I'd like to point out that I don't find Obliterator easy with this deck, I'd say I lost 8 out of 8 games. Lots of unlucky draws, granted, but he does get a number of creatures and his weapon out quickly. Even antimattering two dragons doesn't put you on the safe side with, say, three burrowed shiekers, one out in the open and his pulverizer, because that also means no shields for you. You might end up having to use the combo on a shrieker and he doesn't last long...
In general I wish it was a slightly more reliable deck. So many games could have gone my way if only I had the right cards. Great deck nonetheless, and wins are very satisfying.
nice deck. takes too much brain power for me to use;/
If you're not joking - and the poster beforehand seemed to have troubles as well - let me enlighten you, it's a very straightforward deck, only four different cards.
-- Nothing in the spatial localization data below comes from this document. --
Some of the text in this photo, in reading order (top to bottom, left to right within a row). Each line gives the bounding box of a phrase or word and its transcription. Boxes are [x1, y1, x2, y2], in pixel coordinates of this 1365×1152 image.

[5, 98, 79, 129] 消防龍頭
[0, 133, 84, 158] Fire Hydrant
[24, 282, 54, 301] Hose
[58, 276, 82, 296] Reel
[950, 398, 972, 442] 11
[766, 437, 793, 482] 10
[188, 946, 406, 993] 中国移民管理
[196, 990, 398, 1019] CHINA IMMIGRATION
You (nearly) never want to play a liquid shadow without antimattering at the same time otherwise the creature will just heal the opponent. Do antimatter creatures first (see tactics for individual FGs in the thread opener) to heal you. Don't do it with creatures that can grow - like forest spirits - because, say, it's at 8/9 and you antimatter it to -8/9 (healing you for 8 ), each time it grows by +2/+2 you "lose" healing (so it goes to -6/11 and then -4/13 and so on) and even worse, you lose the potential damage of the liquid shadow later on. Sometimes it cannot be avoided just to stay alive and sometimes you'll have to liquid shadow creatures so they lose their special power, like druids (or even otyughs), which will otherwise attack the other creatures you use the combo on.
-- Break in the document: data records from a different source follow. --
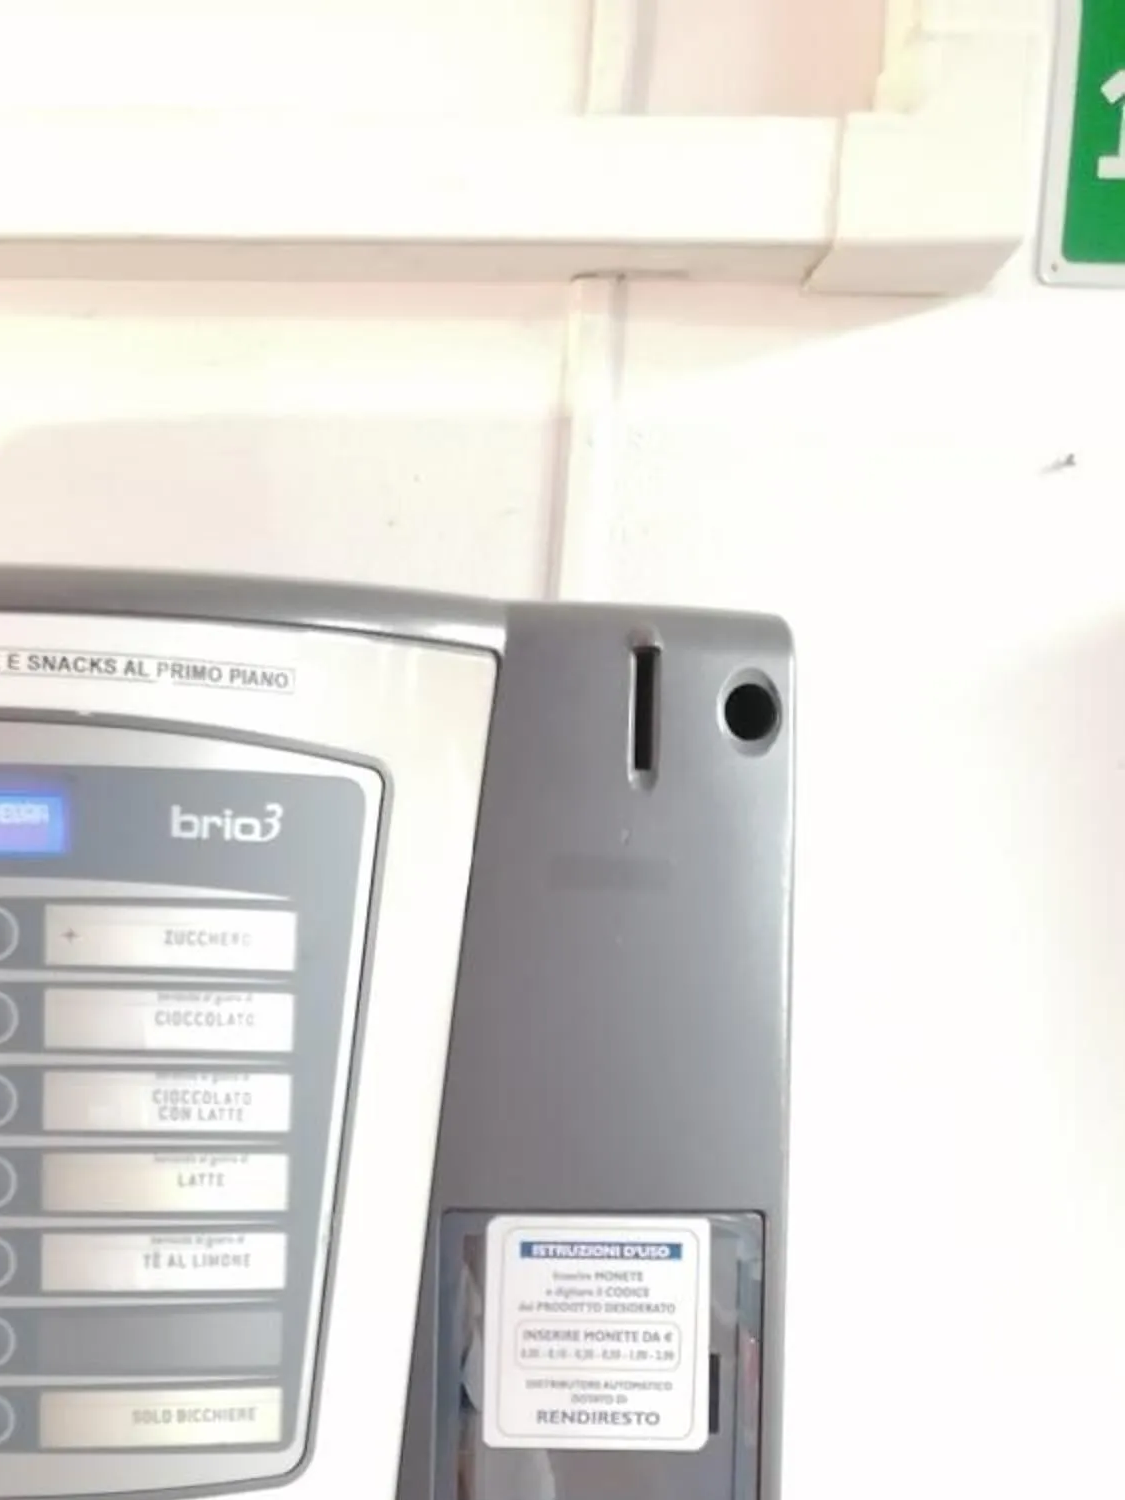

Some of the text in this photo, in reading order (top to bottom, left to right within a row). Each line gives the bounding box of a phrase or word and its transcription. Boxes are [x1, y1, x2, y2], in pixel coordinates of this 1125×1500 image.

[7, 653, 20, 671] E
[27, 655, 116, 676] SNACKS
[124, 659, 150, 678] AL
[156, 661, 222, 683] PRIMO
[229, 668, 289, 689] PIANO
[164, 929, 252, 947] ZUCCHERO
[154, 1010, 255, 1028] CIOCCOLATO
[152, 1089, 253, 1106] CIOCCOLATO
[158, 1106, 245, 1122] CON LATTE
[177, 1172, 226, 1188] LATTE
[531, 1244, 621, 1258] ISTRUZIONI
[167, 1254, 186, 1269] AL
[192, 1253, 251, 1268] LIMONE
[594, 1271, 644, 1282] MONETE
[605, 1286, 650, 1298] CODICE
[536, 1302, 602, 1313] PRODOTTO
[604, 1302, 676, 1315] DESIDERATO
[523, 1329, 581, 1342] INSERIRE
[583, 1330, 640, 1343] MONETE
[642, 1331, 661, 1343] DA
[131, 1406, 257, 1425] SOLO BICCHIERE
[536, 1410, 660, 1426] RENDIRESTO
In general, you'll want to play both antimatter and liquid shadow on the same turn. Which is especially true for creatures with lots of HP like massive dragons, 30 HP, that's theoretically 30 turns of healing and damaging the opponent. The less HP (and the more attacking power), the better it usually is to only antimatter a creature at first. As theonlyrealbeef recommends, this is true for Neptune, for example. He's got arctic dragons (13/5) and crawlers (6/6). If you you the combo too soon and he gets out lots of creatures, you lose the healing power after 5 or 6 turns because the creatures die and your health might be in danger. In this case you can use all your six antimatters first, healing you the whole time without damaging him. And wait with the liquid shadows until you are down to a few cards. Two dragons and four crawlers, for example, would then damage him 50 HP per turn and he's done in four turns. Last time I played Neptune he didn't get out any dragons and so I lost (by deck out, health was fine).
I also added one upgraded card I got at some point - chaos power. It's quite useful to use before the rest of the combo, because it grants a random improvement to both attack and defence which is exactly what you want and it only costs 1 entropy quantum.